(Images for object localization)
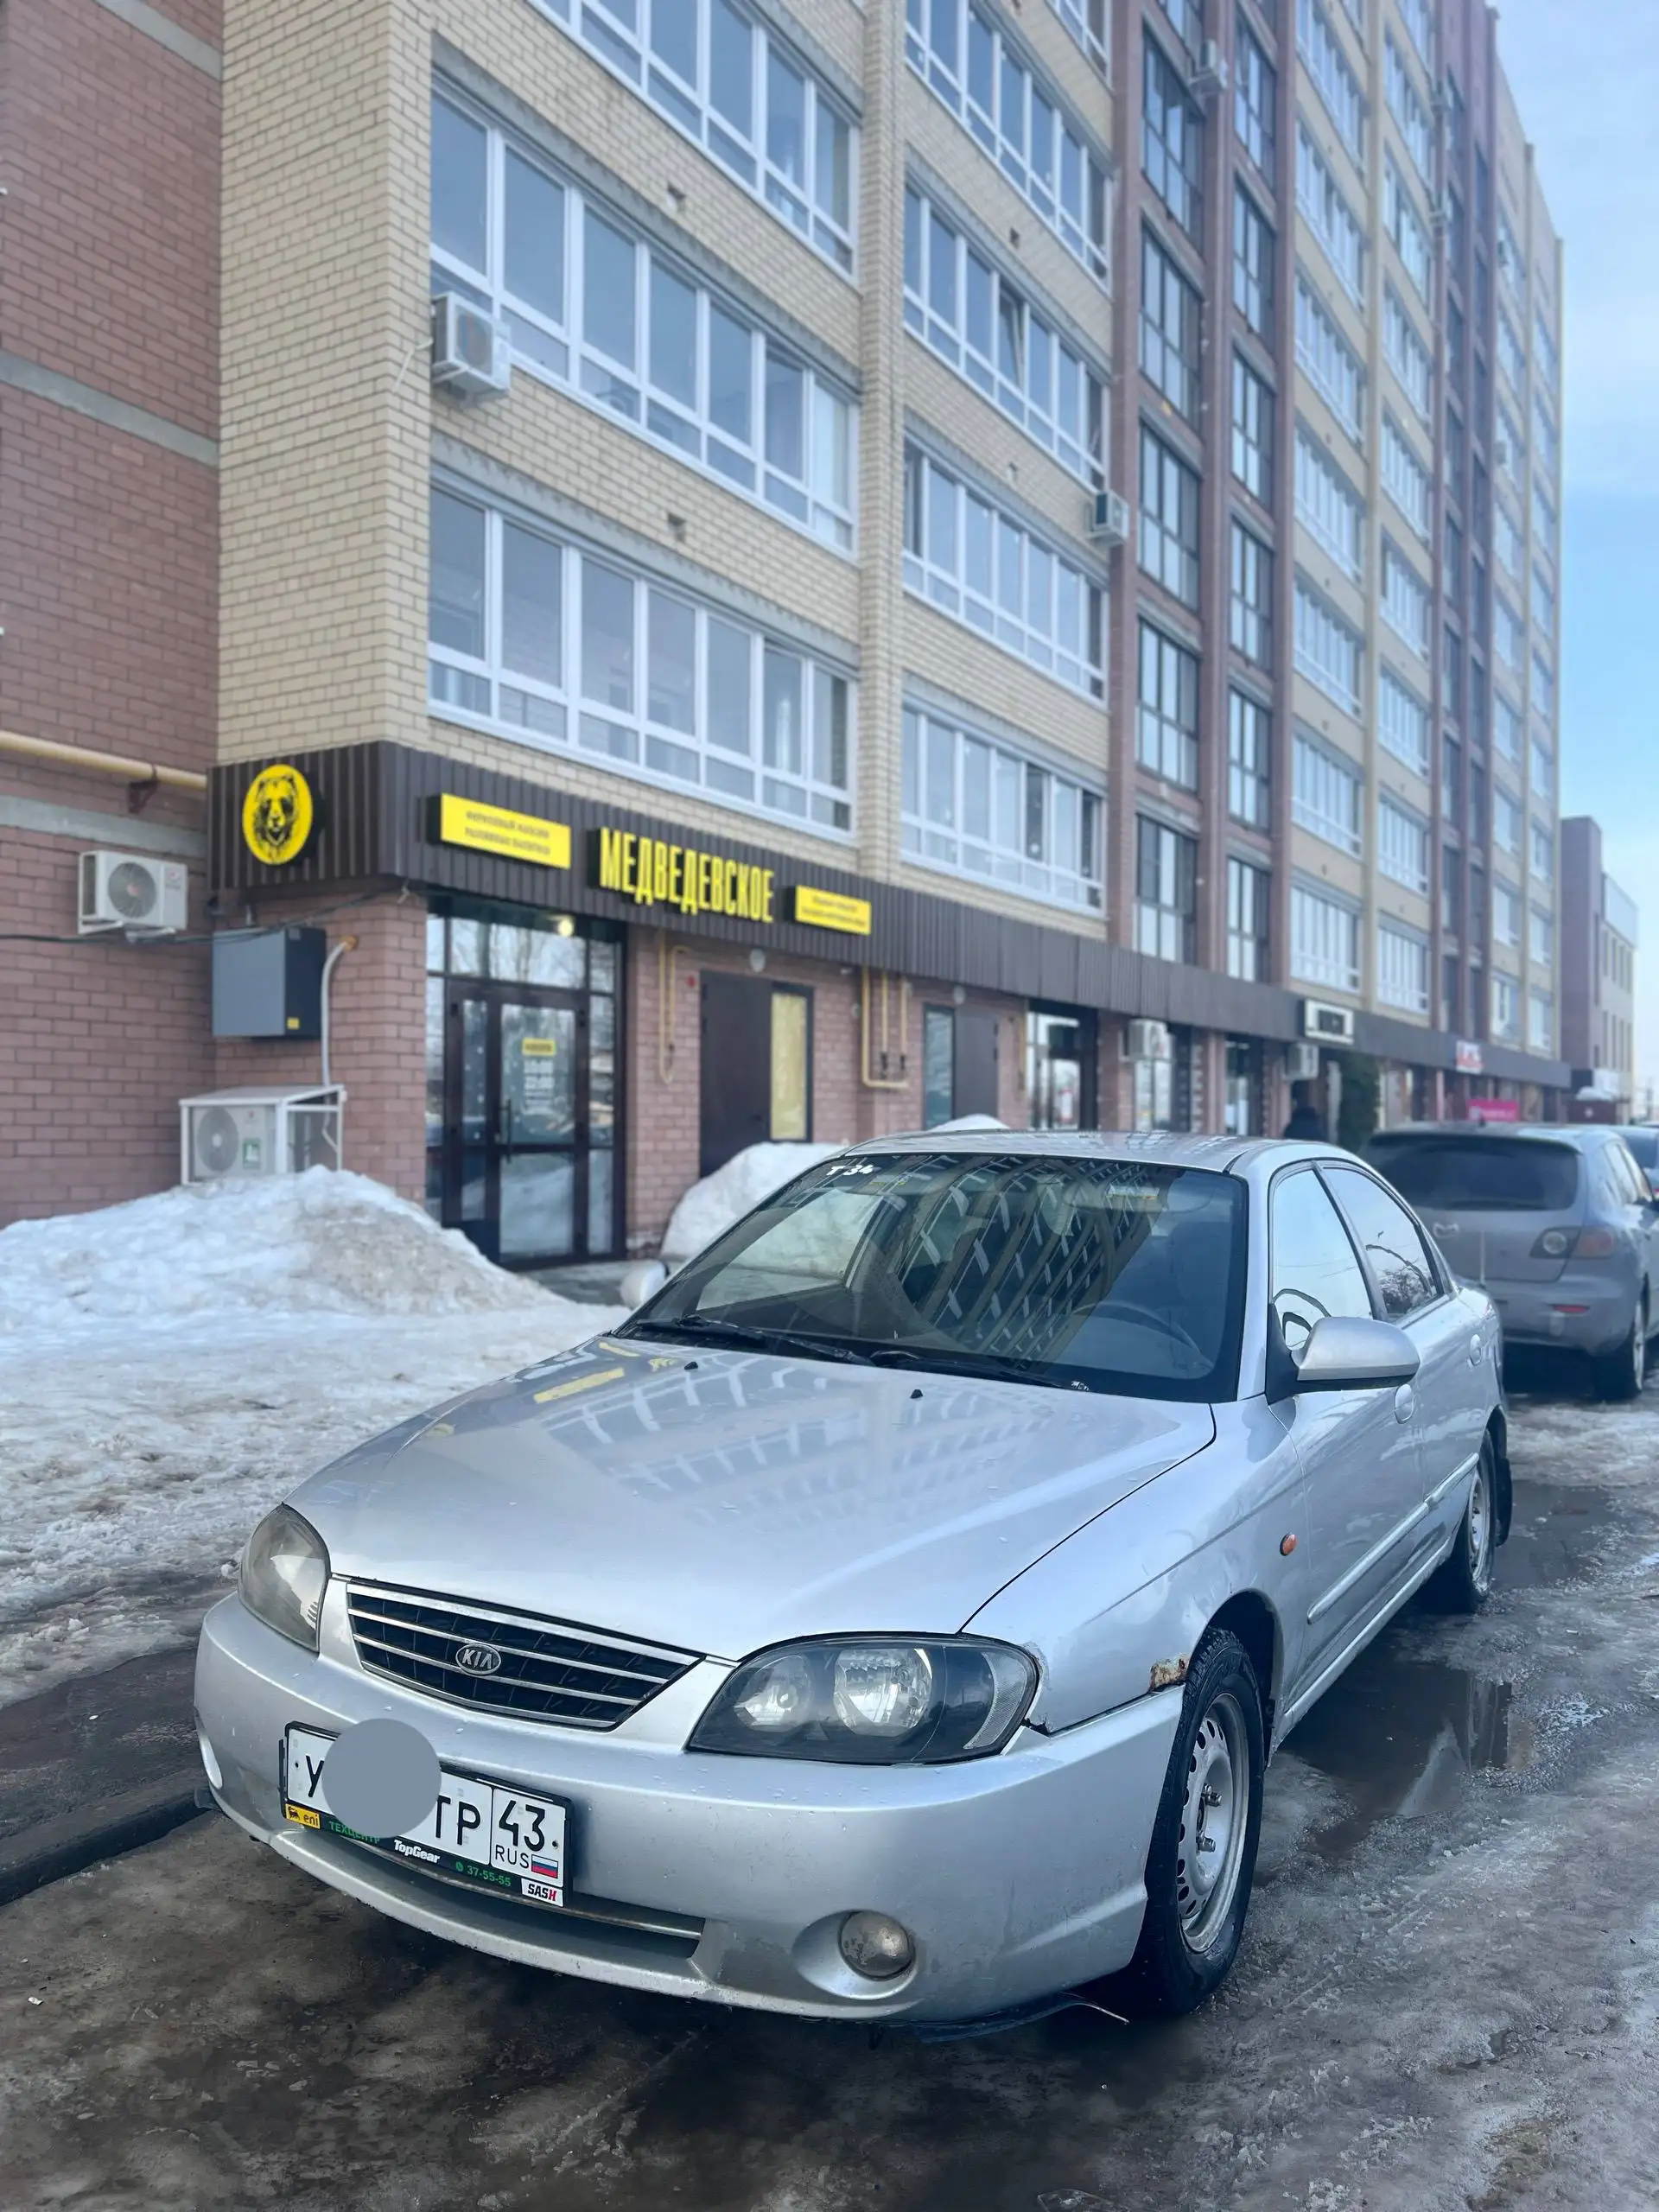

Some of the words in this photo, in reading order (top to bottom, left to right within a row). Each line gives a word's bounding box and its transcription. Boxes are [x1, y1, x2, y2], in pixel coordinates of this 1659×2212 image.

[600, 826, 774, 923] МЕДВЕДЕВСКОЕ
[461, 1649, 493, 1669] KIA
[303, 1814, 319, 1827] eni
[499, 1800, 546, 1852] 43
[394, 1839, 441, 1865] TopGear
[495, 1843, 530, 1869] RUS
[528, 1884, 557, 1901] SASH
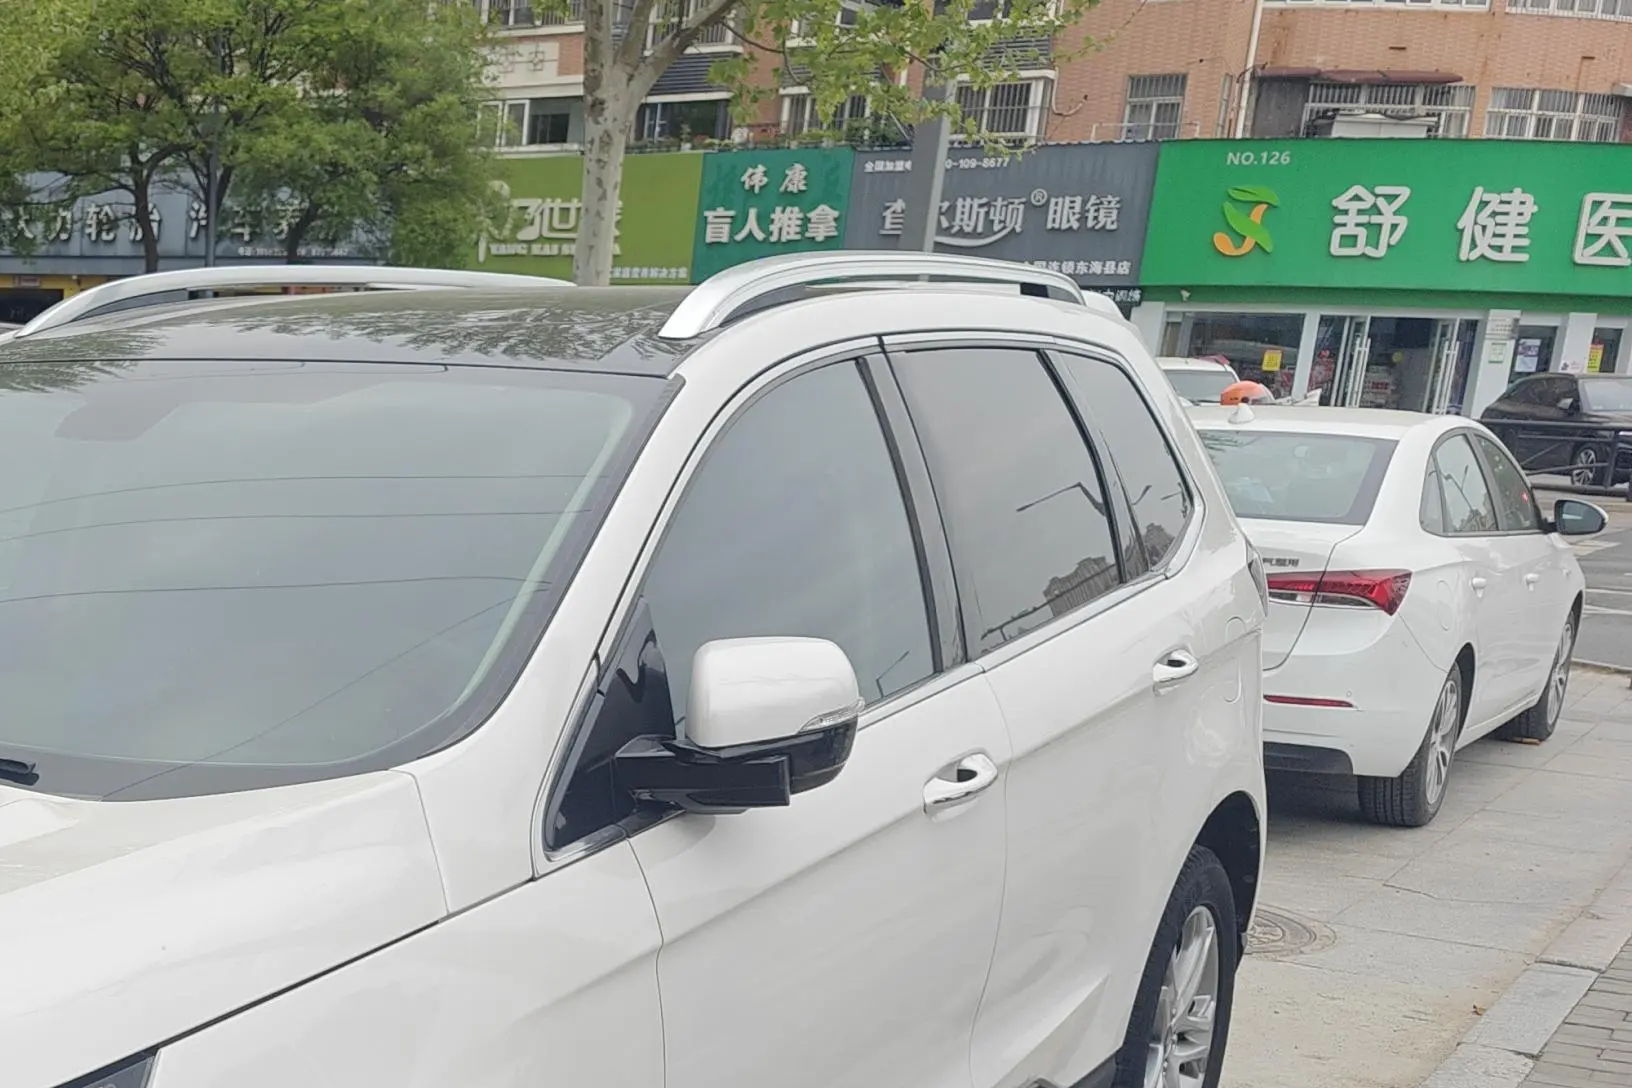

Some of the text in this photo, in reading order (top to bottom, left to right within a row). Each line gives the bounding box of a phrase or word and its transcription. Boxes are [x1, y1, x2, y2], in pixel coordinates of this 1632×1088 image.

[1226, 151, 1291, 166] NO.126
[741, 163, 809, 194] 伟康
[703, 204, 840, 243] 盲人推拿
[1330, 185, 1632, 266] 舒健医

YOUR INSTRUCTIONS
Without the pictures, restate all the entries above exactly.

WRITTEN ANSWER
Some of the words in this photo, in reading order (top to bottom, left to right within a row). Each line gives a word's bounding box and its transcription. Boxes are [x1, y1, x2, y2], in pixel coordinates of this 1659×2212 image.

[600, 826, 774, 923] МЕДВЕДЕВСКОЕ
[461, 1649, 493, 1669] KIA
[303, 1814, 319, 1827] eni
[499, 1800, 546, 1852] 43
[394, 1839, 441, 1865] TopGear
[495, 1843, 530, 1869] RUS
[528, 1884, 557, 1901] SASH

Some of the text in this photo, in reading order (top to bottom, left to right within a row). Each line gives the bounding box of a phrase or word and its transcription. Boxes are [x1, y1, x2, y2], in pixel coordinates of this 1632×1088 image.

[1226, 151, 1291, 166] NO.126
[741, 163, 809, 194] 伟康
[703, 204, 840, 243] 盲人推拿
[1330, 185, 1632, 266] 舒健医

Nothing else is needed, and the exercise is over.